[[ Records shown, beginning ]]

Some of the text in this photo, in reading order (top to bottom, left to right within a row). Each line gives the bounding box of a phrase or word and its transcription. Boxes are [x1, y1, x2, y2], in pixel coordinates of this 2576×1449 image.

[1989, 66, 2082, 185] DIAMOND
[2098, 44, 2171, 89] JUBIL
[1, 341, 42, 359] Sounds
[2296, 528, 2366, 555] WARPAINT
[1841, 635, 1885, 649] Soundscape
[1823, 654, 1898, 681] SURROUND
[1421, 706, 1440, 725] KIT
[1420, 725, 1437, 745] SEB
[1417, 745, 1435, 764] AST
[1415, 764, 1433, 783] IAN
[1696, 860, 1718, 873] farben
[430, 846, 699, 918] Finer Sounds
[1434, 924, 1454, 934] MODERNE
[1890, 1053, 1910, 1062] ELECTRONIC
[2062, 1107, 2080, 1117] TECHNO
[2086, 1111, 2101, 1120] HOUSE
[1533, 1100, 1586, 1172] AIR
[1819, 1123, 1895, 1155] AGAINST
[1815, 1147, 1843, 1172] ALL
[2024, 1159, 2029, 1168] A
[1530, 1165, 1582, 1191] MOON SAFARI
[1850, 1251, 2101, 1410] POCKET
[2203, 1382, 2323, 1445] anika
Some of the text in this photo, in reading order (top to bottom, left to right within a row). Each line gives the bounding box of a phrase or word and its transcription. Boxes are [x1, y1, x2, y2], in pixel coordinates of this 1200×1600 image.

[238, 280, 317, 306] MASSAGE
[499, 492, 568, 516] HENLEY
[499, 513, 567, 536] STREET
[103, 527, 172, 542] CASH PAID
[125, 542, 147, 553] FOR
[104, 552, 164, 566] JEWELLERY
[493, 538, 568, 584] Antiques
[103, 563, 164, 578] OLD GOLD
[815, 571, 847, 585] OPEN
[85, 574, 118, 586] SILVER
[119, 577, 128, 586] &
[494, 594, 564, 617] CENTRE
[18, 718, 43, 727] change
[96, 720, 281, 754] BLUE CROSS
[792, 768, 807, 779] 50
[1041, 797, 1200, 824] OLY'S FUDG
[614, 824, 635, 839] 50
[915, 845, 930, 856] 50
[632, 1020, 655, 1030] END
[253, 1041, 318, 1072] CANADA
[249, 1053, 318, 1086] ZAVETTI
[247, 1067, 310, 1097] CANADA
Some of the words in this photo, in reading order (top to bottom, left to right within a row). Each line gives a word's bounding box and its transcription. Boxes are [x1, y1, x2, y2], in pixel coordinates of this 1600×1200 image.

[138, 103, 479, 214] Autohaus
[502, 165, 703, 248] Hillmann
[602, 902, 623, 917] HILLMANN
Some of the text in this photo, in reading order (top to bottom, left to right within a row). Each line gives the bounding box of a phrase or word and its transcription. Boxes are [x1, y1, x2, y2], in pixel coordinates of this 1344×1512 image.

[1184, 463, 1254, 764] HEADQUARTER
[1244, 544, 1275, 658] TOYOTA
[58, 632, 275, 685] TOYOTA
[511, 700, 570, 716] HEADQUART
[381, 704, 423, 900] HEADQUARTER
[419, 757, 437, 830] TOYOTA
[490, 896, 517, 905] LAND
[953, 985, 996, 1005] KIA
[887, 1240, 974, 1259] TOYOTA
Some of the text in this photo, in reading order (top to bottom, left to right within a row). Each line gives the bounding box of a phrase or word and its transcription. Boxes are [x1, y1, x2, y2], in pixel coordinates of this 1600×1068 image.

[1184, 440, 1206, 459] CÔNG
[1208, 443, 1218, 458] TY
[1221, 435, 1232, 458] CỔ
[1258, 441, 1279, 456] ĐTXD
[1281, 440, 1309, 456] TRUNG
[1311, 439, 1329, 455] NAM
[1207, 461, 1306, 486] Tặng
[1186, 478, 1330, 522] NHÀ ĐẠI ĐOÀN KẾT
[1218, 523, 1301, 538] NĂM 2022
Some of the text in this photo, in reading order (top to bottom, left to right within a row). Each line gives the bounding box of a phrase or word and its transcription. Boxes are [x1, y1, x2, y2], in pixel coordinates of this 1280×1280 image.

[[ Records shown, end ]]

=== Activity ===
From top to bottom, repeat the data above without alteration.

=== Reply to the task ===
Some of the text in this photo, in reading order (top to bottom, left to right within a row). Each line gives the bounding box of a phrase or word and its transcription. Boxes are [x1, y1, x2, y2], in pixel coordinates of this 2576×1449 image.

[1989, 66, 2082, 185] DIAMOND
[2098, 44, 2171, 89] JUBIL
[1, 341, 42, 359] Sounds
[2296, 528, 2366, 555] WARPAINT
[1841, 635, 1885, 649] Soundscape
[1823, 654, 1898, 681] SURROUND
[1421, 706, 1440, 725] KIT
[1420, 725, 1437, 745] SEB
[1417, 745, 1435, 764] AST
[1415, 764, 1433, 783] IAN
[1696, 860, 1718, 873] farben
[430, 846, 699, 918] Finer Sounds
[1434, 924, 1454, 934] MODERNE
[1890, 1053, 1910, 1062] ELECTRONIC
[2062, 1107, 2080, 1117] TECHNO
[2086, 1111, 2101, 1120] HOUSE
[1533, 1100, 1586, 1172] AIR
[1819, 1123, 1895, 1155] AGAINST
[1815, 1147, 1843, 1172] ALL
[2024, 1159, 2029, 1168] A
[1530, 1165, 1582, 1191] MOON SAFARI
[1850, 1251, 2101, 1410] POCKET
[2203, 1382, 2323, 1445] anika
Some of the text in this photo, in reading order (top to bottom, left to right within a row). Each line gives the bounding box of a phrase or word and its transcription. Boxes are [x1, y1, x2, y2], in pixel coordinates of this 1200×1600 image.

[238, 280, 317, 306] MASSAGE
[499, 492, 568, 516] HENLEY
[499, 513, 567, 536] STREET
[103, 527, 172, 542] CASH PAID
[125, 542, 147, 553] FOR
[104, 552, 164, 566] JEWELLERY
[493, 538, 568, 584] Antiques
[103, 563, 164, 578] OLD GOLD
[815, 571, 847, 585] OPEN
[85, 574, 118, 586] SILVER
[119, 577, 128, 586] &
[494, 594, 564, 617] CENTRE
[18, 718, 43, 727] change
[96, 720, 281, 754] BLUE CROSS
[792, 768, 807, 779] 50
[1041, 797, 1200, 824] OLY'S FUDG
[614, 824, 635, 839] 50
[915, 845, 930, 856] 50
[632, 1020, 655, 1030] END
[253, 1041, 318, 1072] CANADA
[249, 1053, 318, 1086] ZAVETTI
[247, 1067, 310, 1097] CANADA
Some of the words in this photo, in reading order (top to bottom, left to right within a row). Each line gives a word's bounding box and its transcription. Boxes are [x1, y1, x2, y2], in pixel coordinates of this 1600×1200 image.

[138, 103, 479, 214] Autohaus
[502, 165, 703, 248] Hillmann
[602, 902, 623, 917] HILLMANN
Some of the text in this photo, in reading order (top to bottom, left to right within a row). Each line gives the bounding box of a phrase or word and its transcription. Boxes are [x1, y1, x2, y2], in pixel coordinates of this 1344×1512 image.

[1184, 463, 1254, 764] HEADQUARTER
[1244, 544, 1275, 658] TOYOTA
[58, 632, 275, 685] TOYOTA
[511, 700, 570, 716] HEADQUART
[381, 704, 423, 900] HEADQUARTER
[419, 757, 437, 830] TOYOTA
[490, 896, 517, 905] LAND
[953, 985, 996, 1005] KIA
[887, 1240, 974, 1259] TOYOTA
Some of the text in this photo, in reading order (top to bottom, left to right within a row). Each line gives the bounding box of a phrase or word and its transcription. Boxes are [x1, y1, x2, y2], in pixel coordinates of this 1600×1068 image.

[1184, 440, 1206, 459] CÔNG
[1208, 443, 1218, 458] TY
[1221, 435, 1232, 458] CỔ
[1258, 441, 1279, 456] ĐTXD
[1281, 440, 1309, 456] TRUNG
[1311, 439, 1329, 455] NAM
[1207, 461, 1306, 486] Tặng
[1186, 478, 1330, 522] NHÀ ĐẠI ĐOÀN KẾT
[1218, 523, 1301, 538] NĂM 2022
Some of the text in this photo, in reading order (top to bottom, left to right within a row). Each line gives the bounding box of a phrase or word and its transcription. Boxes are [x1, y1, x2, y2], in pixel coordinates of this 1280×1280 image.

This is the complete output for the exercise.